[Stored dataset items]

::::::

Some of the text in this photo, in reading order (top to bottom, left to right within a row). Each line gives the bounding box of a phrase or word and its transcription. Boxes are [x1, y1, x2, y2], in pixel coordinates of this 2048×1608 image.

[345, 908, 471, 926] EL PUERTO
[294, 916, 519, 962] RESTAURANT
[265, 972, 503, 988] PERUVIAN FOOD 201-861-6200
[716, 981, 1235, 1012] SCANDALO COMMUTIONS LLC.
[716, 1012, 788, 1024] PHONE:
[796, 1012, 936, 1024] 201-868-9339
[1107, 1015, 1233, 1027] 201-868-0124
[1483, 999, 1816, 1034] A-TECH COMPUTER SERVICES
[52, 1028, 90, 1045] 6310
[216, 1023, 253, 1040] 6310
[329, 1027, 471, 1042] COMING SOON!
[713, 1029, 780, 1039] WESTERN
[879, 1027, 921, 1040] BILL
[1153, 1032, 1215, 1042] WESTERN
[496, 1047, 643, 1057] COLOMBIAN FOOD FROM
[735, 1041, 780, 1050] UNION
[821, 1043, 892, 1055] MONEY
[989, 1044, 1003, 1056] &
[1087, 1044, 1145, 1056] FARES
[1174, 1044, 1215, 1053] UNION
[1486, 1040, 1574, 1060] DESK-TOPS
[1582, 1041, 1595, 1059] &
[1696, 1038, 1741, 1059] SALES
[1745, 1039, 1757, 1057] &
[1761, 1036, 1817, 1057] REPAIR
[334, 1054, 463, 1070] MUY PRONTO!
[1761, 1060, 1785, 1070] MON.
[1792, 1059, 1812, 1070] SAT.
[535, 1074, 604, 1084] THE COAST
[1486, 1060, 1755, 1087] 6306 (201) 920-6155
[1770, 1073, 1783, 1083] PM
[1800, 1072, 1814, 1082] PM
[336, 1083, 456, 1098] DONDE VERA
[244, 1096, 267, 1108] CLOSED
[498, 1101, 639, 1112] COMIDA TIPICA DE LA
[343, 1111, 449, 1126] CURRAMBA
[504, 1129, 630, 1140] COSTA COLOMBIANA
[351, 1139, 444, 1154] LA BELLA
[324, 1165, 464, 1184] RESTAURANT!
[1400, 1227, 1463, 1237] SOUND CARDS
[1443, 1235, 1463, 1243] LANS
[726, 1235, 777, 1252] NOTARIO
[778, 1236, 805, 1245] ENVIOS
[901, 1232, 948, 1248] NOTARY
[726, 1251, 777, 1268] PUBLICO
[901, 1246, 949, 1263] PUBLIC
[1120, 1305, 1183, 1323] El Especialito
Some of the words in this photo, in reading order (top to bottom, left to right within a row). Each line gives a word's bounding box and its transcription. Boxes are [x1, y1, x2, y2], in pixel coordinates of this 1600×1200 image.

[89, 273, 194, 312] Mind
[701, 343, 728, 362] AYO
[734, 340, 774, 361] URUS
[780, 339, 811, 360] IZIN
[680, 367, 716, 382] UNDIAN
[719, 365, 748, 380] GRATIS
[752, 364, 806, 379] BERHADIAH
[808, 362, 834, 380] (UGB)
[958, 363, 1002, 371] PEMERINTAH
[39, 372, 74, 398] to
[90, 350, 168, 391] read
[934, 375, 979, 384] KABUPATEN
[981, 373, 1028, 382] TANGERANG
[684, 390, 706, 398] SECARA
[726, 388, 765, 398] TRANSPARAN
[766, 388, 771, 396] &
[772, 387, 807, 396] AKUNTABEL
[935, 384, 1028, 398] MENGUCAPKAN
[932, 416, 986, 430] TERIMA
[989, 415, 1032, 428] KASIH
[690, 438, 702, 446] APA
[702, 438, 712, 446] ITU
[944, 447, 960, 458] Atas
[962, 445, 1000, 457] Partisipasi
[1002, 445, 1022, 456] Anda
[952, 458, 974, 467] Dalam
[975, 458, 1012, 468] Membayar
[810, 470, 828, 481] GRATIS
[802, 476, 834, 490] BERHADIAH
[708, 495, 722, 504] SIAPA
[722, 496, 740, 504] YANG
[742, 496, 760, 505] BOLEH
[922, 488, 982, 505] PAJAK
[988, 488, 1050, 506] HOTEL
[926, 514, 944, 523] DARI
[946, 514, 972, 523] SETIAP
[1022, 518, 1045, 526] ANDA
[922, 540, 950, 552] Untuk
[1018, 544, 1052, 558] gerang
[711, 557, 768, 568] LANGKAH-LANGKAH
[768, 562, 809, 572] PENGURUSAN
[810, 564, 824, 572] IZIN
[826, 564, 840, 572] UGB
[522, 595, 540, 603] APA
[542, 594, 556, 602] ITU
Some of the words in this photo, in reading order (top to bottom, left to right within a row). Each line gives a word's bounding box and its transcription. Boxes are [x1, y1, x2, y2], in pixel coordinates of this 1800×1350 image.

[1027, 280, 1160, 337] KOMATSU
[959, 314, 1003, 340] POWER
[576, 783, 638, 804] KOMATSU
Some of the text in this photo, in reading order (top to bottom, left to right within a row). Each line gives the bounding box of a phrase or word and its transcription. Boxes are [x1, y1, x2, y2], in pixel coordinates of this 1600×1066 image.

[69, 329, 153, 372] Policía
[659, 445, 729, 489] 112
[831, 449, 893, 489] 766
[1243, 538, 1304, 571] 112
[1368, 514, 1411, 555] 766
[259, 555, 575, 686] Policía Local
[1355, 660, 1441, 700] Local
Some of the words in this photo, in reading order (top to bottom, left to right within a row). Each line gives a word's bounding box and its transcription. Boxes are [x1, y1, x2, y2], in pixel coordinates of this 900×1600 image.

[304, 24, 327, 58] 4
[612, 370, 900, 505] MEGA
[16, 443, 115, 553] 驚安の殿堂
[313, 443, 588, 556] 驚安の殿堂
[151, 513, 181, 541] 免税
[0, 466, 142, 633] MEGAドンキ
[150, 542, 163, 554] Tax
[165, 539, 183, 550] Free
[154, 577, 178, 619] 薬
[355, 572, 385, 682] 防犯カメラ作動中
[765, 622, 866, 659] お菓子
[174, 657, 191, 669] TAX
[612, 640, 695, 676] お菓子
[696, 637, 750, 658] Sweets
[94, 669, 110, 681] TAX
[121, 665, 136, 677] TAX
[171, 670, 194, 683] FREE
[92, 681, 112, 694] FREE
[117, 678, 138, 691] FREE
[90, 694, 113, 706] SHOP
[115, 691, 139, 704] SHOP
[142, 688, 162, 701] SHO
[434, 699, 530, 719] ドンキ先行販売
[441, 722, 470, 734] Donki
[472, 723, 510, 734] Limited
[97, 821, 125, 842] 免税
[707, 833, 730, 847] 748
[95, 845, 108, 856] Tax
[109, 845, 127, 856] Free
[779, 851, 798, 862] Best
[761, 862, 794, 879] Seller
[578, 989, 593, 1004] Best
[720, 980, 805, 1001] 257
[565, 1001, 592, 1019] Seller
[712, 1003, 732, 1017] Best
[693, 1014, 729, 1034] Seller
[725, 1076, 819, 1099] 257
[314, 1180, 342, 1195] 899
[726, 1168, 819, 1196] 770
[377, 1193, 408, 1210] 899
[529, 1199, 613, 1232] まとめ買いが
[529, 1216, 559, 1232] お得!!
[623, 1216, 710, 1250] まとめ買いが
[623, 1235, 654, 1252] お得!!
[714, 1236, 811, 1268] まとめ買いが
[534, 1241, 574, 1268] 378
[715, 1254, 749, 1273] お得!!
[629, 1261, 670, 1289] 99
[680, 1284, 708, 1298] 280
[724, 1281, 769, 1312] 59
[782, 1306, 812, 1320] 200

::::::

» **TASK TO CARRY OUT**
Go to the line holding "this 900×1600 image." in the entries above and return it, along with every line after it, exactly as written.

» **RESPONSE TO THIS EXERCISE**
Some of the words in this photo, in reading order (top to bottom, left to right within a row). Each line gives a word's bounding box and its transcription. Boxes are [x1, y1, x2, y2], in pixel coordinates of this 900×1600 image.

[304, 24, 327, 58] 4
[612, 370, 900, 505] MEGA
[16, 443, 115, 553] 驚安の殿堂
[313, 443, 588, 556] 驚安の殿堂
[151, 513, 181, 541] 免税
[0, 466, 142, 633] MEGAドンキ
[150, 542, 163, 554] Tax
[165, 539, 183, 550] Free
[154, 577, 178, 619] 薬
[355, 572, 385, 682] 防犯カメラ作動中
[765, 622, 866, 659] お菓子
[174, 657, 191, 669] TAX
[612, 640, 695, 676] お菓子
[696, 637, 750, 658] Sweets
[94, 669, 110, 681] TAX
[121, 665, 136, 677] TAX
[171, 670, 194, 683] FREE
[92, 681, 112, 694] FREE
[117, 678, 138, 691] FREE
[90, 694, 113, 706] SHOP
[115, 691, 139, 704] SHOP
[142, 688, 162, 701] SHO
[434, 699, 530, 719] ドンキ先行販売
[441, 722, 470, 734] Donki
[472, 723, 510, 734] Limited
[97, 821, 125, 842] 免税
[707, 833, 730, 847] 748
[95, 845, 108, 856] Tax
[109, 845, 127, 856] Free
[779, 851, 798, 862] Best
[761, 862, 794, 879] Seller
[578, 989, 593, 1004] Best
[720, 980, 805, 1001] 257
[565, 1001, 592, 1019] Seller
[712, 1003, 732, 1017] Best
[693, 1014, 729, 1034] Seller
[725, 1076, 819, 1099] 257
[314, 1180, 342, 1195] 899
[726, 1168, 819, 1196] 770
[377, 1193, 408, 1210] 899
[529, 1199, 613, 1232] まとめ買いが
[529, 1216, 559, 1232] お得!!
[623, 1216, 710, 1250] まとめ買いが
[623, 1235, 654, 1252] お得!!
[714, 1236, 811, 1268] まとめ買いが
[534, 1241, 574, 1268] 378
[715, 1254, 749, 1273] お得!!
[629, 1261, 670, 1289] 99
[680, 1284, 708, 1298] 280
[724, 1281, 769, 1312] 59
[782, 1306, 812, 1320] 200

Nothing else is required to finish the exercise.